Trade, investment, and cross-border economic activity increased after India's economy was liberalized in the 1990s. The overall result of this was a rise in cross-border insolvency cases. Additionally, more foreign direct investment entered Indian markets as a result of the liberalization measures, and Indian businesses expanded internationally. When an insolvent debtor has assets or creditors in several jurisdictions, it is referred to as cross-border insolvency and requires cross-border insolvency processes to be coordinated. Due to the country's expanding economic integration, which has led to Indian businesses operating abroad and dealing with cross-border insolvency concerns, this phenomenon is becoming more and more significant in India. Due to the growth of international corporations, insolvency proceedings sometimes involve assets and liabilities in multiple nations, making the legal environment more complex for both debtors and creditors.
Over time, India's insolvency rules have undergone tremendous change. One of the first attempts to address insolvency difficulties was the Insolvency Act of 1848. Insolvency was not the primary goal of the Corporations Act of 1956, which created measures for winding up corporations. A significant revision was made to the Insolvency and Bankruptcy Code (IBC), 2016 with the goal of accelerating and streamlining insolvency resolution procedures.[1]
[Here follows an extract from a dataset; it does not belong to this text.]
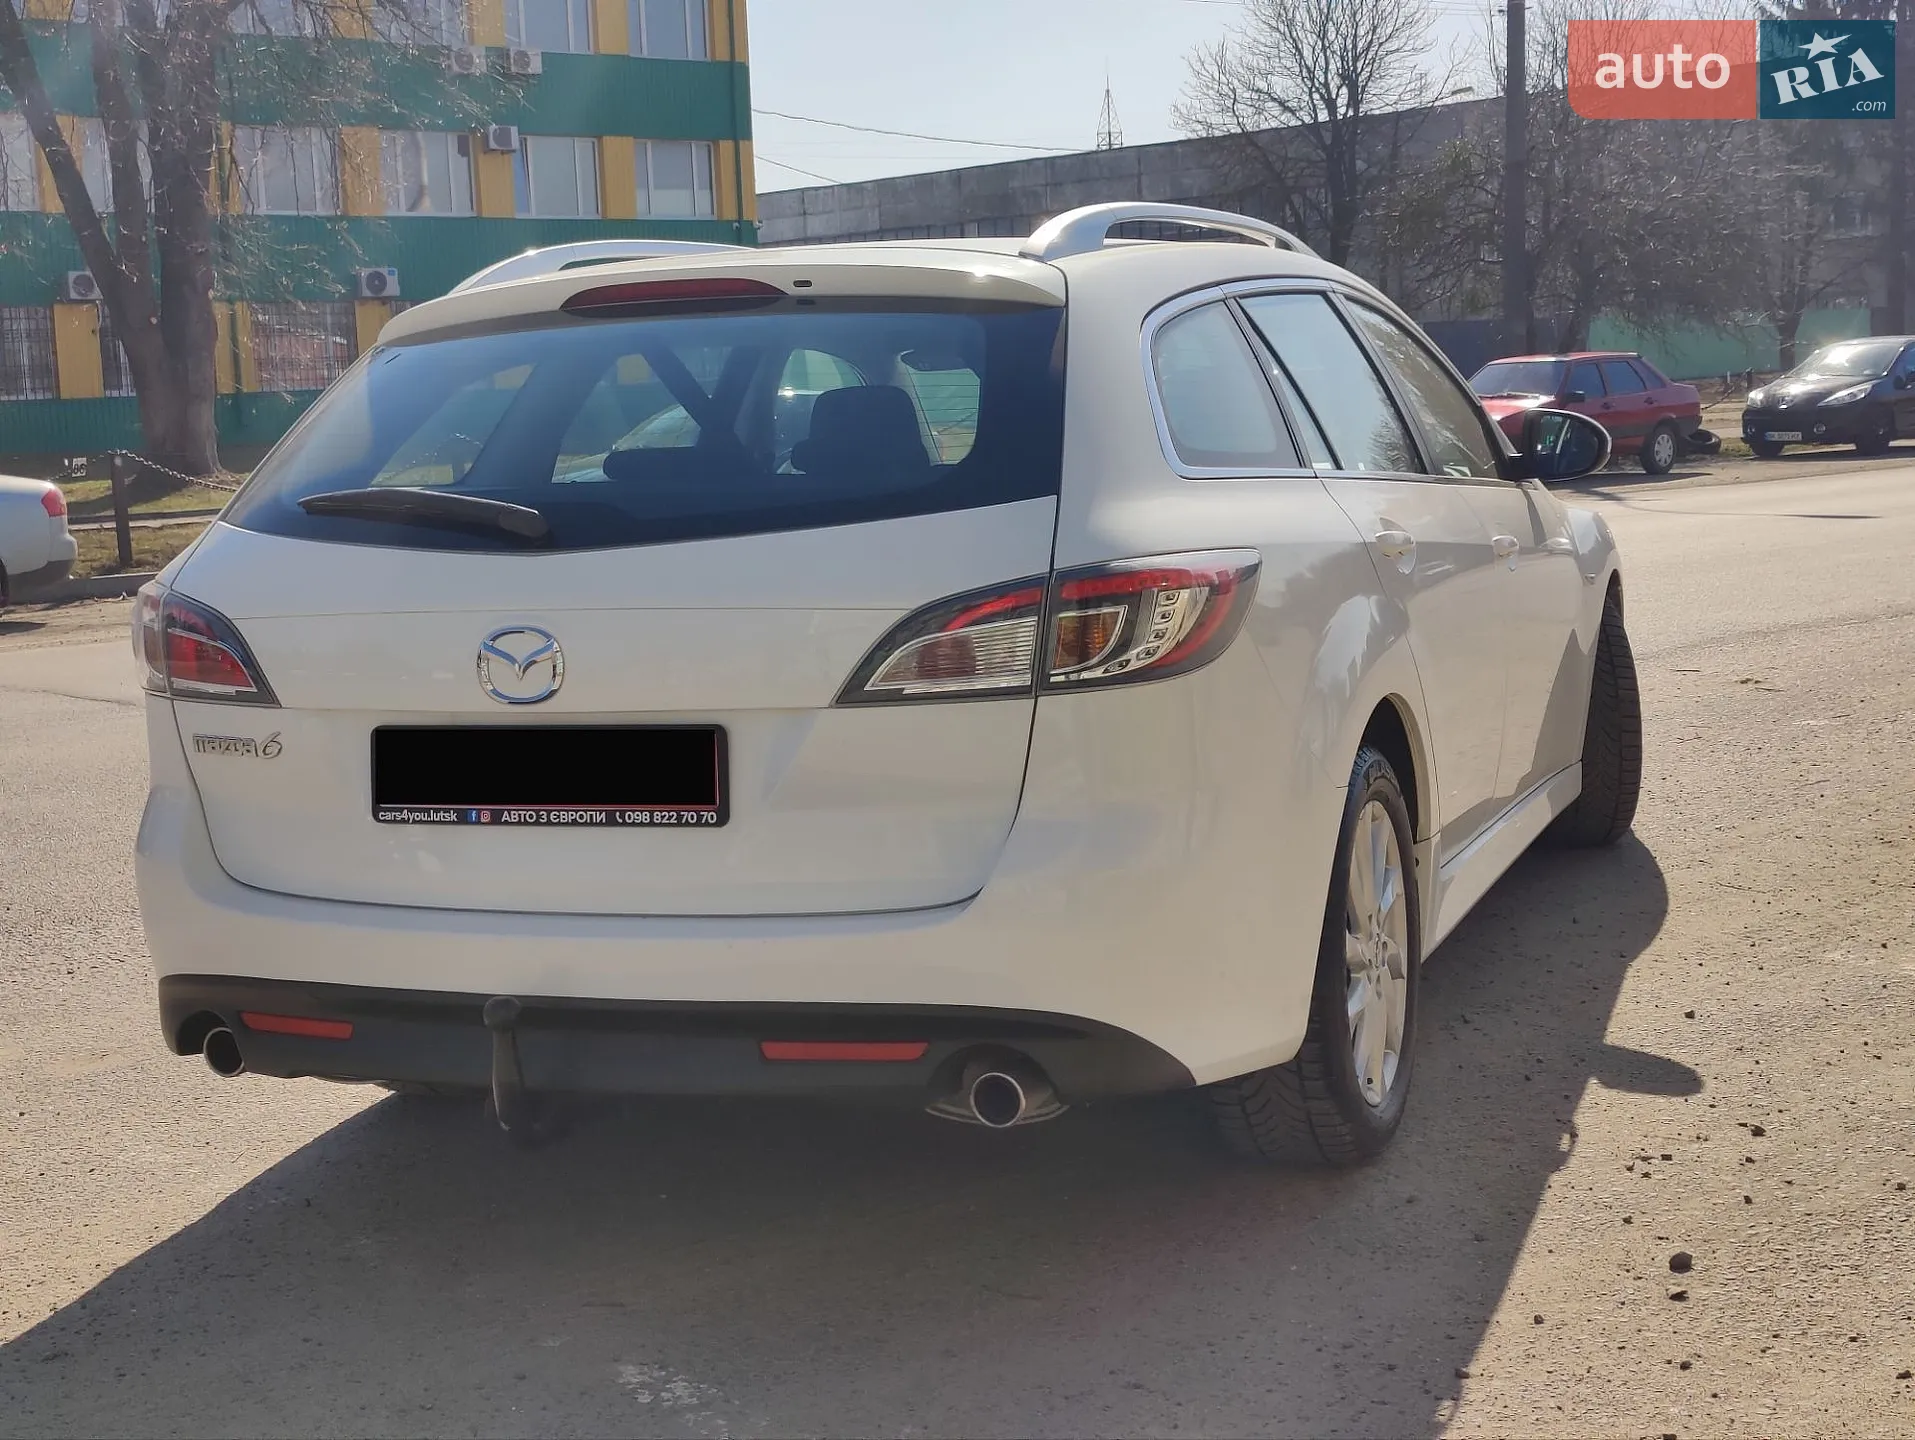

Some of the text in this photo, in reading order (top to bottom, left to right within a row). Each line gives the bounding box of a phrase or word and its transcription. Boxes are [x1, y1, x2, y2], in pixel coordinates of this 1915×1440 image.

Corporate restructuring, which covers a number of strategies like debt restructuring, mergers, demergers, and spin-offs, is crucial in helping a troubled business return to operational efficiency as opposed to going into liquidation. In India, it is essential for managing non-performing assets and improving the financial health of companies, which preserves jobs and economic worth. Corporate Restructuring is essential for promoting economic growth and stability. Businesses in India with strong restructuring plans will be able to avoid CRI, save jobs, and safeguard creditors' interests. The IBC puts corporate restructuring in a more methodical format and assists in organizing the steps that can prevent total loss while also assisting in the establishment of prosperous businesses. This is particularly important in the international setting of insolvencies, when quick intervention can minimize losses for both domestic and foreign creditors.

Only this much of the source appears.